А я ничегошеньки не помнил! Проглотил книгу подростком, дело было еще на родине, в Сибири, и роман этого прочно забытого русского писателя попал мне под руку, наверно, единственно потому, что был напечатан до войны в каком-то местном издательстве. И тут меня выручила одна странная особенность моей памяти — я могу не запомнить многих героев, канвы произведения, не знать его значения в ряду других и тому подобного, но какие-то важные, переломные, критические ситуации способен представить как въяве, а характерные главные слова и целые диалоги способен могу помнить десятилетиями.
В необъятной русской литературе живет множество бессмертных строк, пронзающих мозг и сердце; у меня они одни, у тебя другие, у кого-то третьего врубились в память заветные слова, совсем не похожие на наши с тобою, и это прекрасно, что каждый находит в океане чувств и мыслей, завещанных русскими писателями прошлого, свое, созвучное лишь своему душевному ладу. Признаюсь, что на меня избранные такие слова всегда производили необъяснимое действие, почти физическое, — вначале ощущаю какой-то жутковатый холодок на спине, потом почему-то жар в груди, першенье в горле, и ладно, если все это не кончается слезой, которую чем крепче держишь, тем она жиже и текучей.
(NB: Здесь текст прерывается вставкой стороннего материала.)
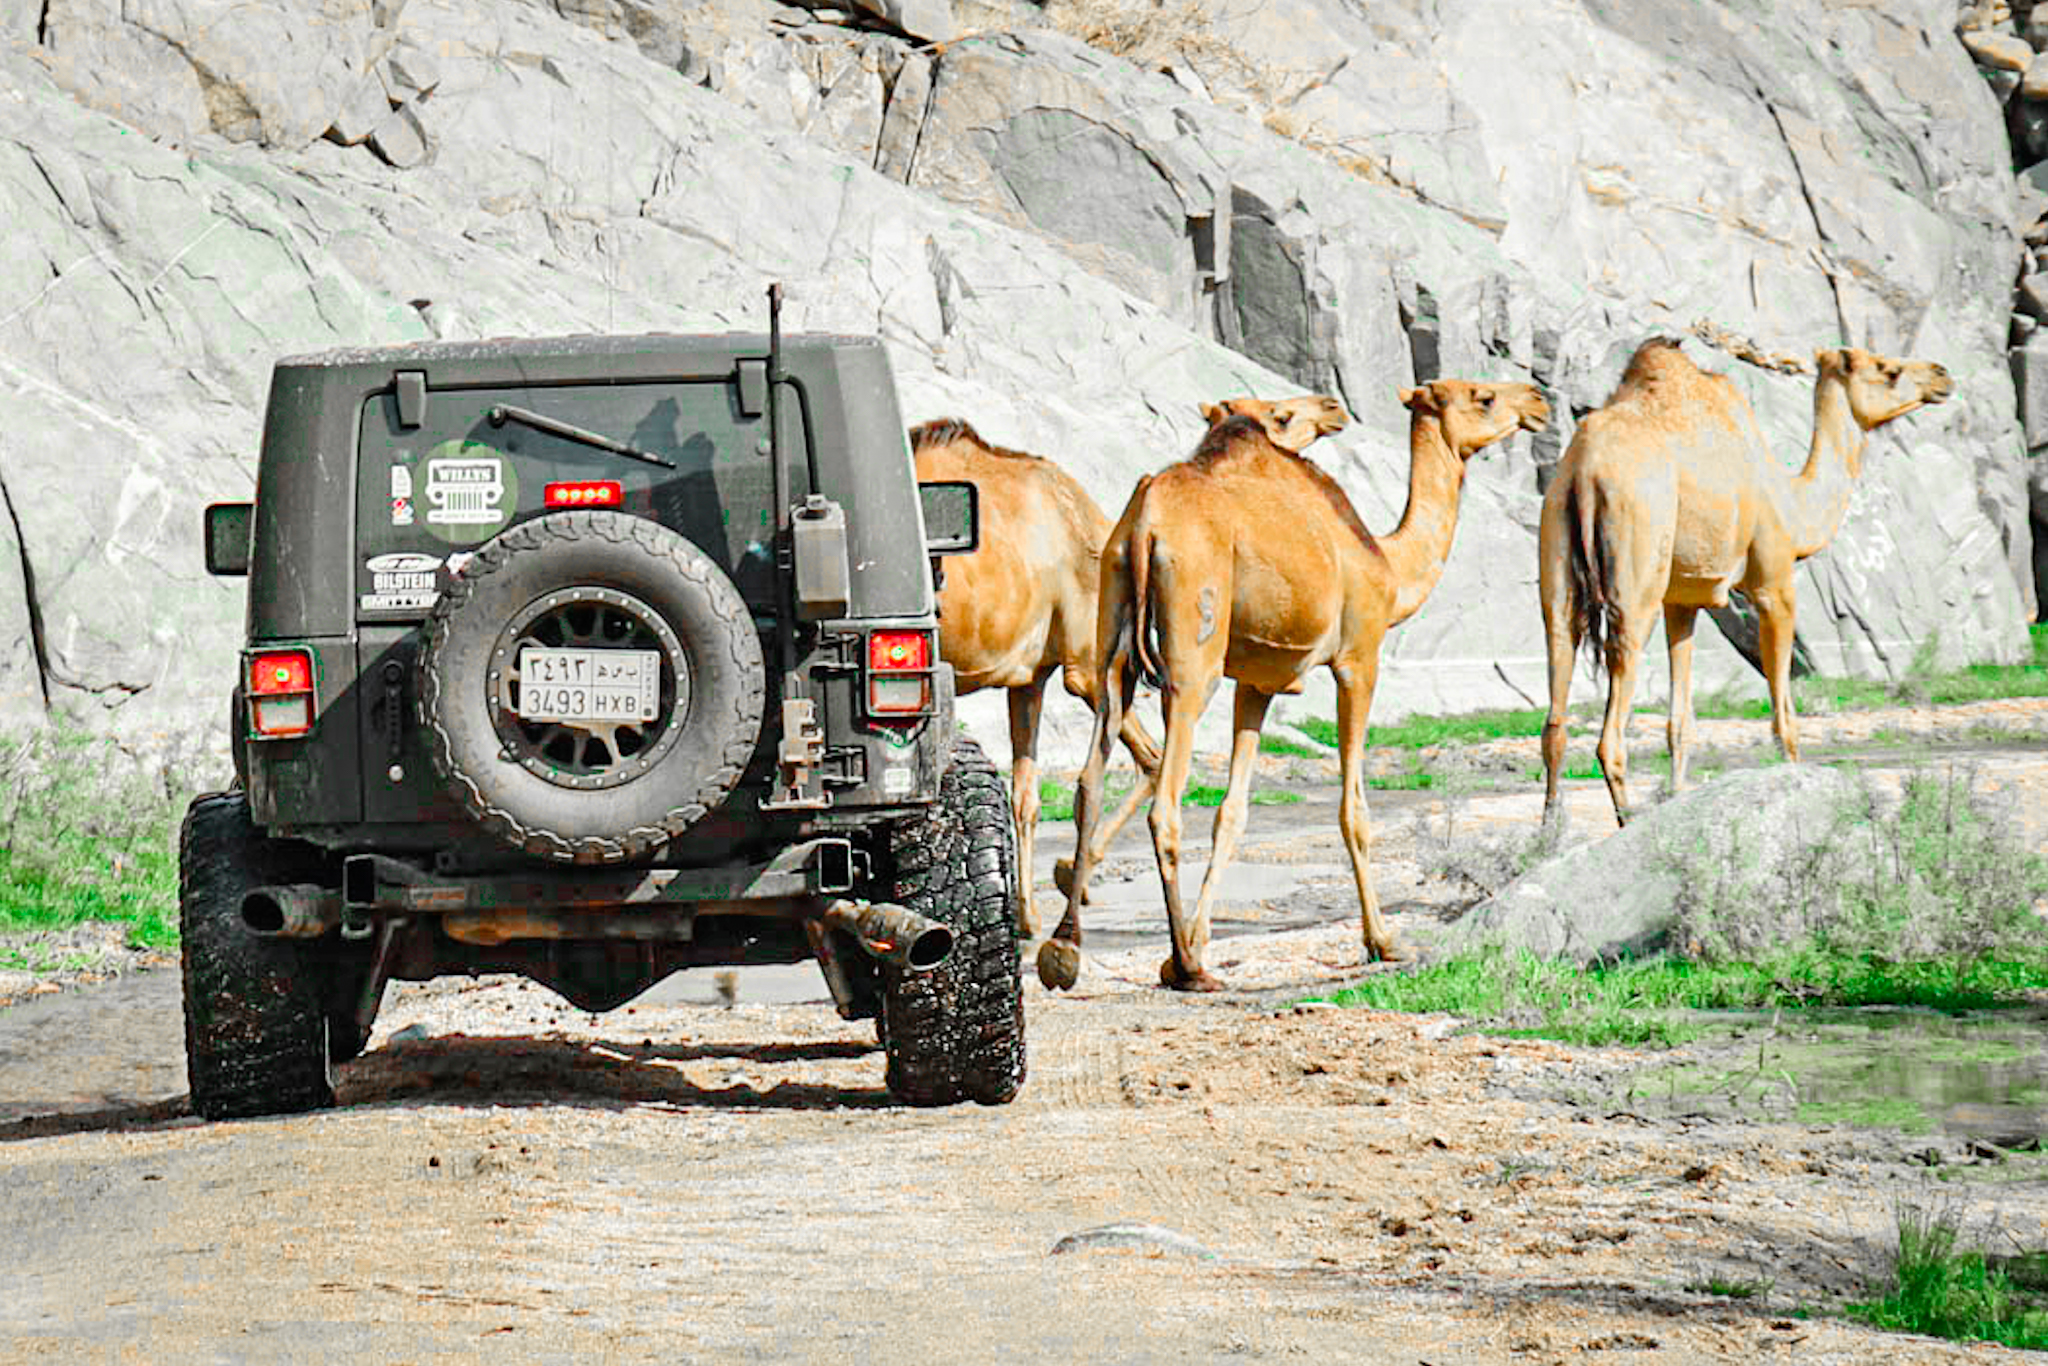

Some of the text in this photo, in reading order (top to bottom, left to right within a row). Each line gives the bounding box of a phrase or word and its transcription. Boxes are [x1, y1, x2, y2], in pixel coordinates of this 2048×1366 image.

Давным-давно, например, прочел я сочинения протопопа Аввакума. Меня поразил тогда беспощадный и страстный язык этого замечательного русского публициста, но из всего «Жития», переполненного описаниями неимоверных страданий автора, зримо вижу один только эпизод. Вот бредет Аввакум с измученным своим семейством по ледовой сибирской дороге. Супруга его, обессилев, падает и встать не может. Он подходит, а она спрашивает: долго ли, протопоп, будут муки сии? «Марковна, до самыя до смерти!» Она же, вздохня, отвещала: «добро, Петрович, ино еще побредем»…
И, кроме того, меня всегда удивляли встреченные люди, что читали книги, но каким-то образом пропускали мимо себя автора, не интересовались им и даже не запоминали его фамилии. А мне часто об авторе было читать увлекательней, чем книгу его…
— Так что же вы запомнили из этого романа?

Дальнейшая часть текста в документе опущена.